→ Goal of the exercise
Retype each entry verbatim. Do not include the images.

→ Dataset records
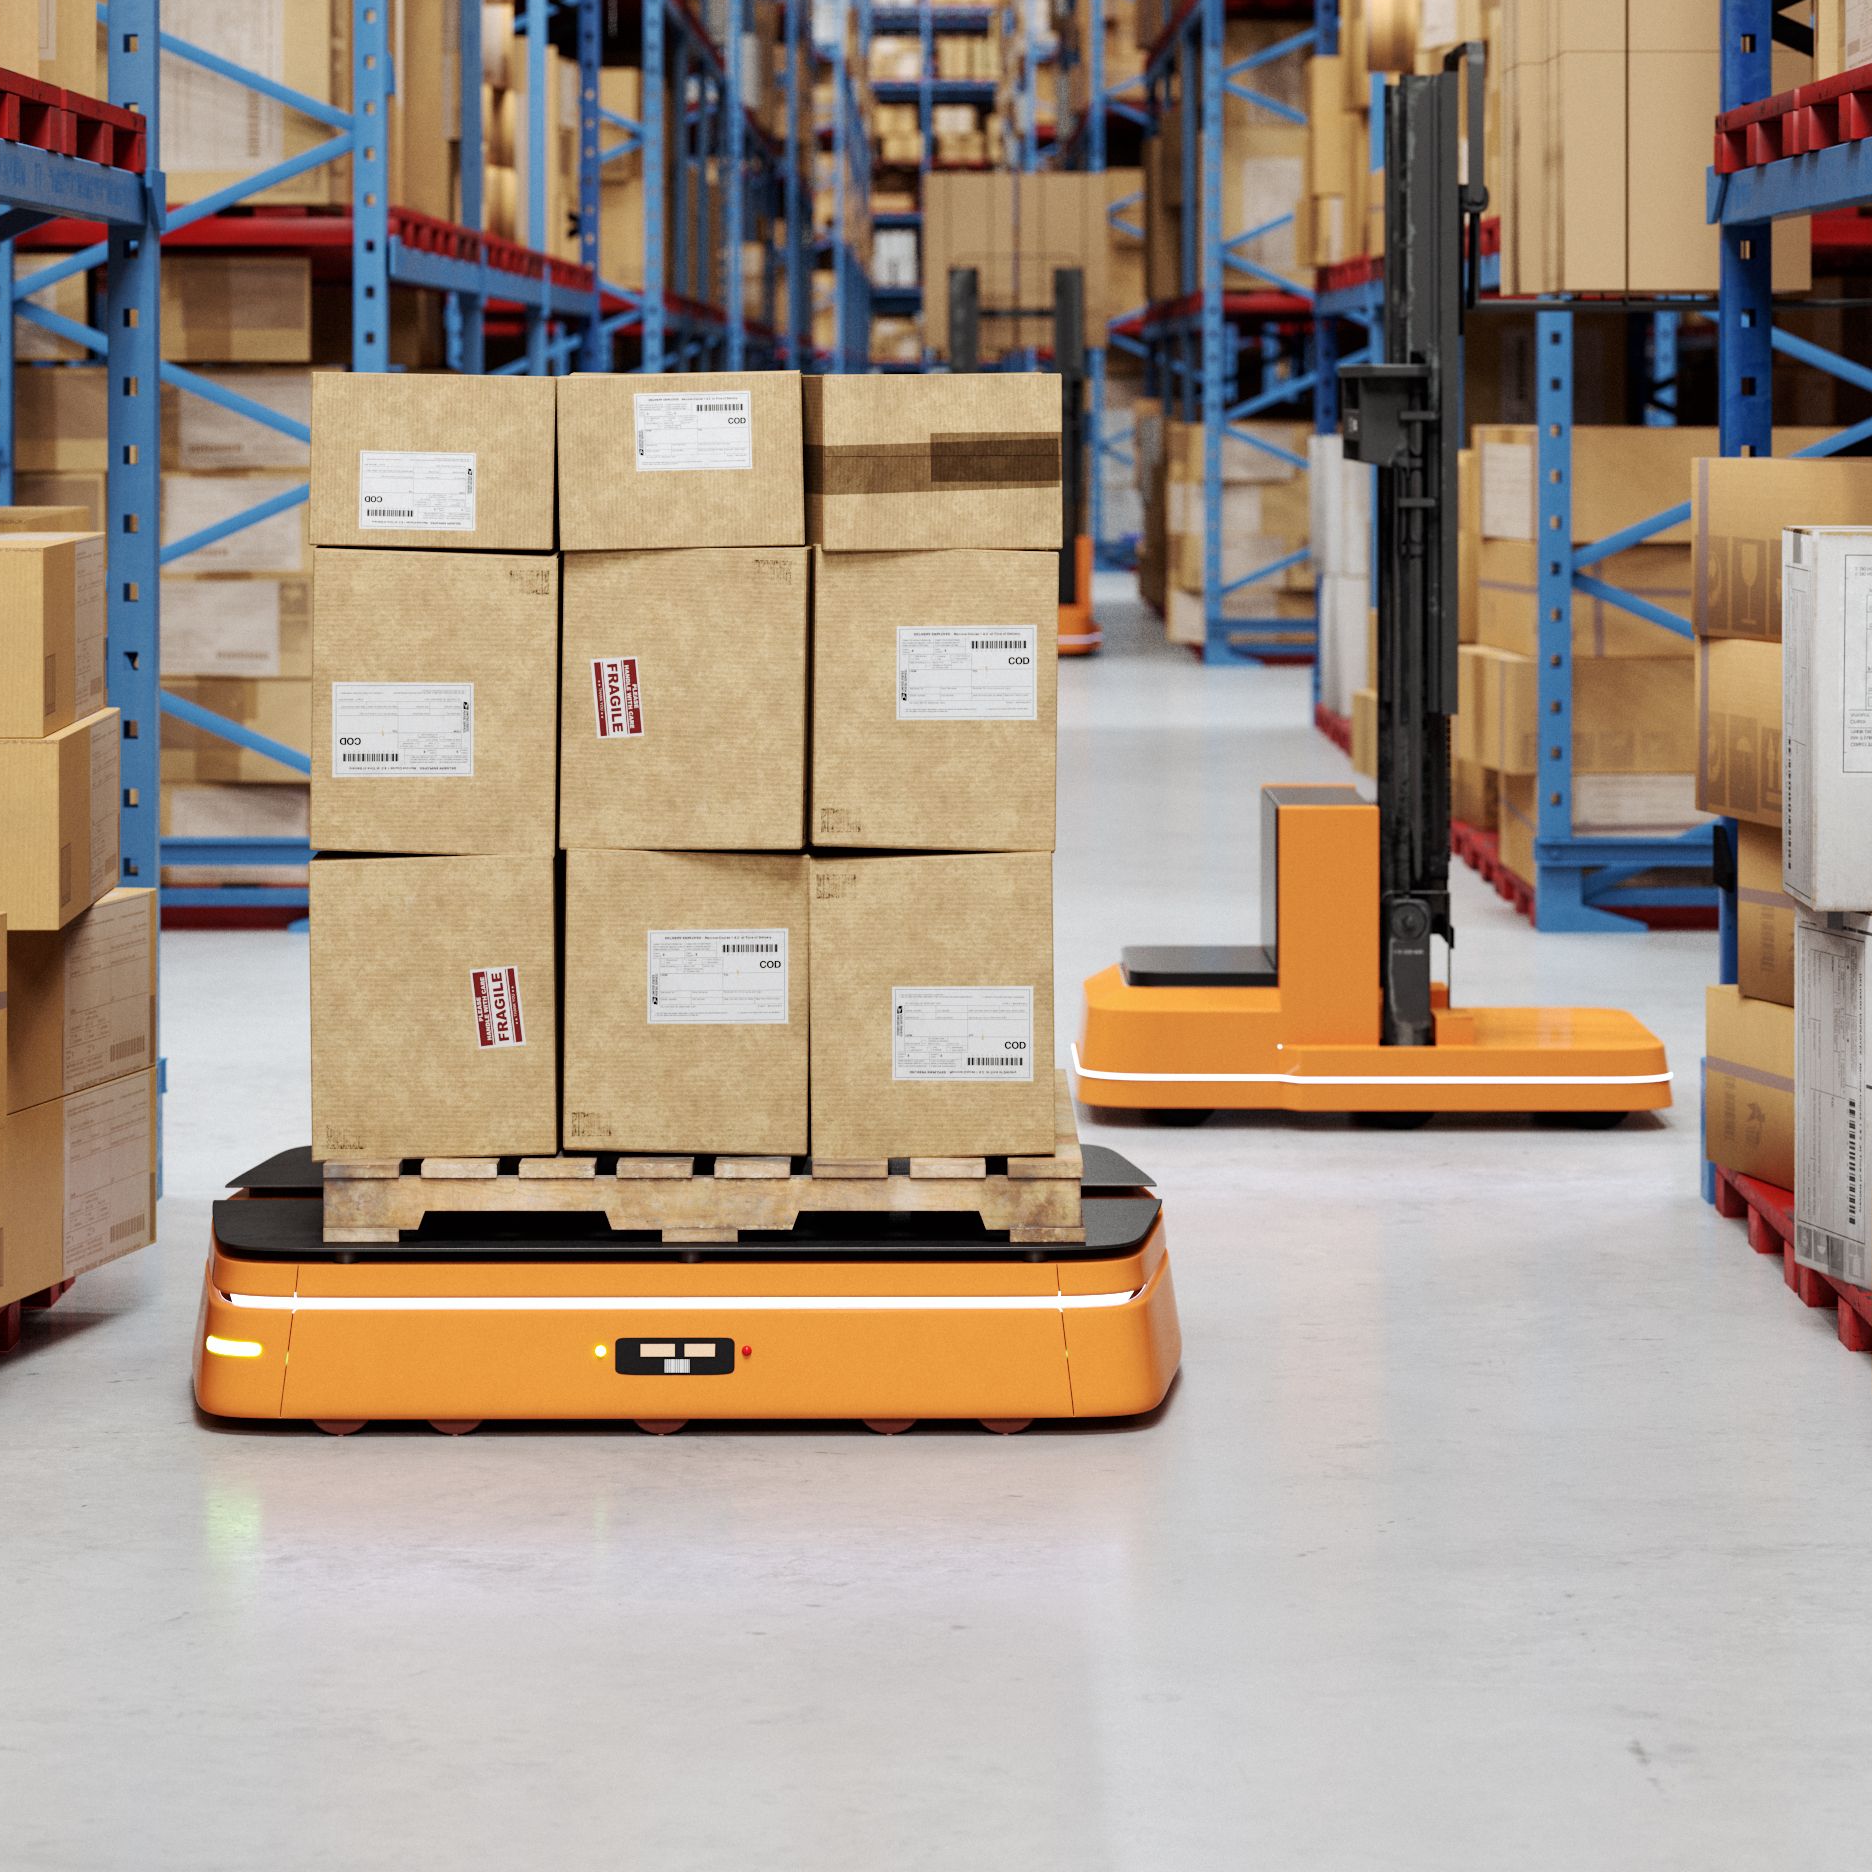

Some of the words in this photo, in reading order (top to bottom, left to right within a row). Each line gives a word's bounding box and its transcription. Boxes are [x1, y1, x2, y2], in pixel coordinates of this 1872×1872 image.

[1008, 657, 1030, 665] COD
[607, 664, 623, 732] FRAGILE
[340, 737, 361, 745] COD
[491, 972, 509, 1041] FRAGILE
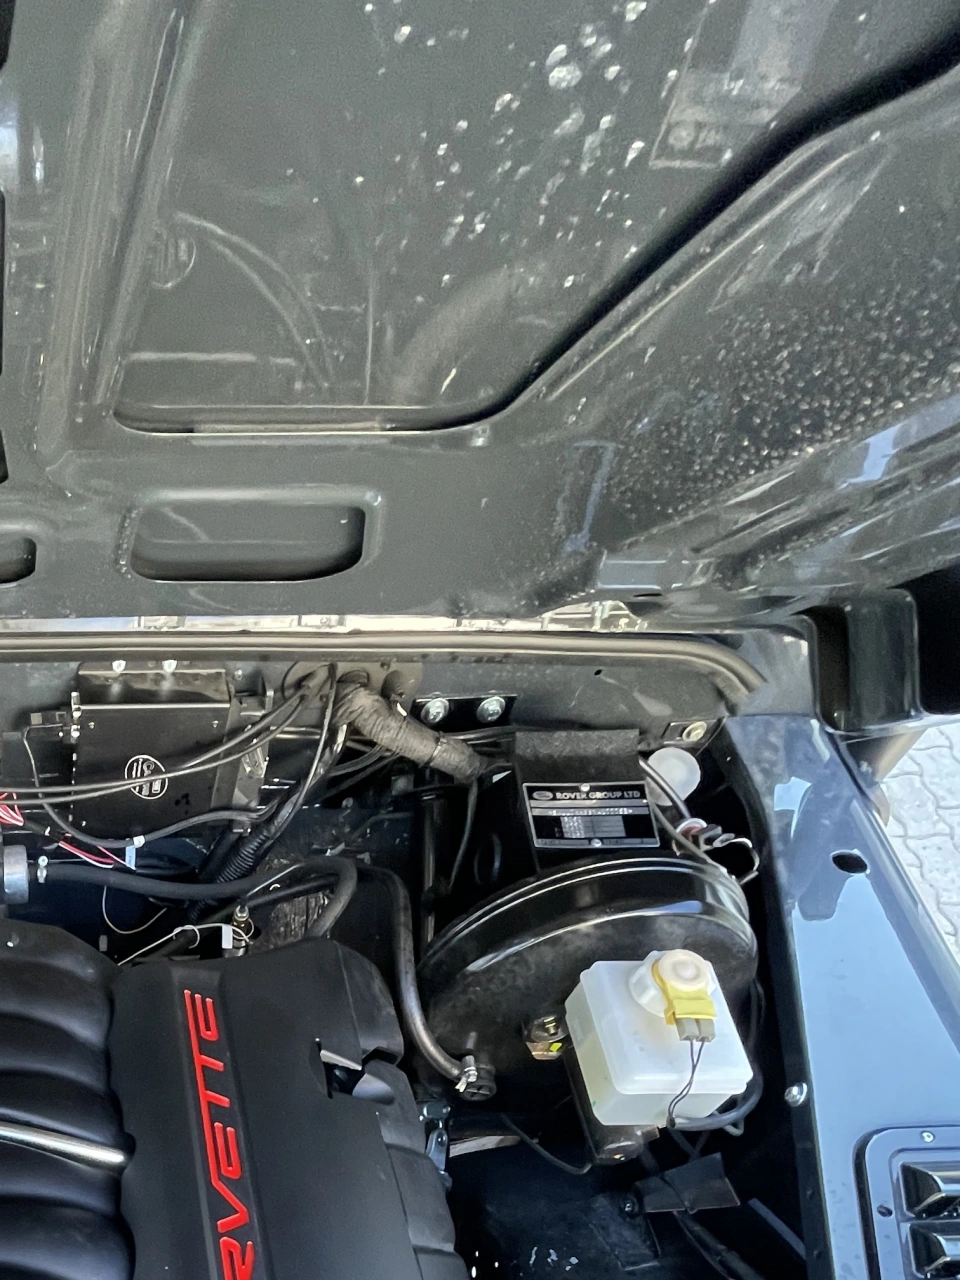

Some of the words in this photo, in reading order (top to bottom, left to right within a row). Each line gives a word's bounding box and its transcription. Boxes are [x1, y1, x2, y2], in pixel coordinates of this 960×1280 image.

[556, 792, 587, 800] ROVER
[589, 791, 622, 799] GROUP
[624, 790, 641, 798] LTD
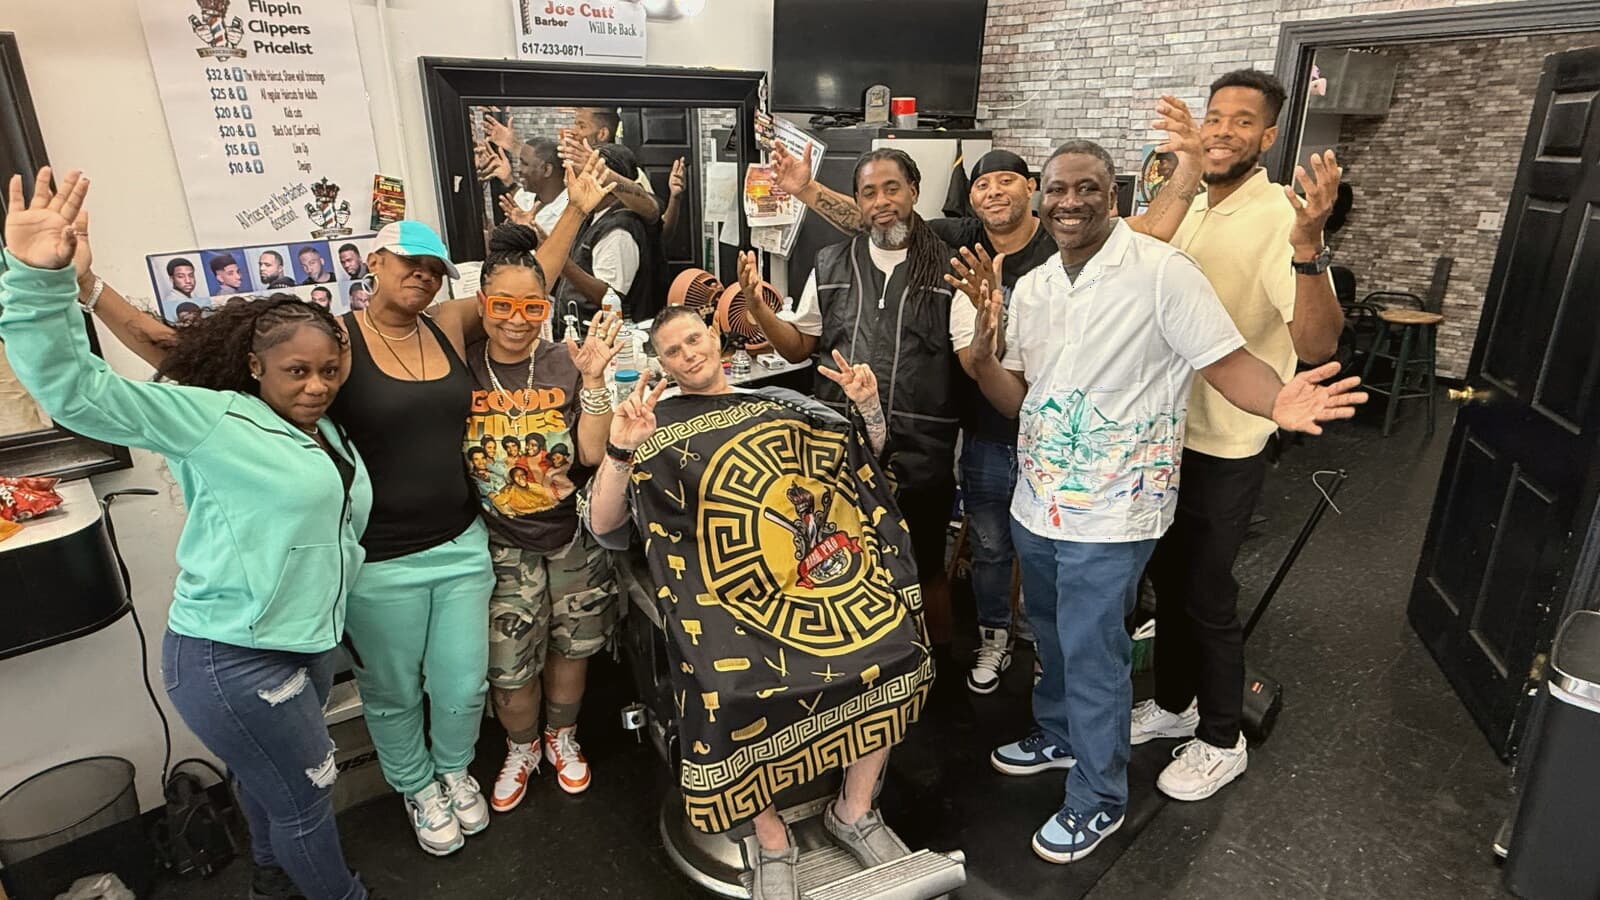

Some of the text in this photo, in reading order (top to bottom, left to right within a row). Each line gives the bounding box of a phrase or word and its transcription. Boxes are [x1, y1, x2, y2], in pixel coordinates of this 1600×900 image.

→ Result of the task
Some of the words in this photo, in reading order (top to bottom, left to right within a row). Each line gives a word's bounding box and its transcription. Boxes are [x1, y1, x2, y2], in pixel coordinates of this 1872×1872 image.

[1008, 657, 1030, 665] COD
[607, 664, 623, 732] FRAGILE
[340, 737, 361, 745] COD
[491, 972, 509, 1041] FRAGILE

Some of the words in this photo, in reading order (top to bottom, left to right within a row). Each line gives a word's bounding box and its transcription. Boxes are [x1, y1, x2, y2], in pixel coordinates of this 960×1280 image.

[556, 792, 587, 800] ROVER
[589, 791, 622, 799] GROUP
[624, 790, 641, 798] LTD

Some of the text in this photo, in reading order (top to bottom, left to right within a row). Each line gives the bounding box of a phrase or word and its transcription. Boxes are [x1, y1, x2, y2], in pixel coordinates of this 1600×900 image.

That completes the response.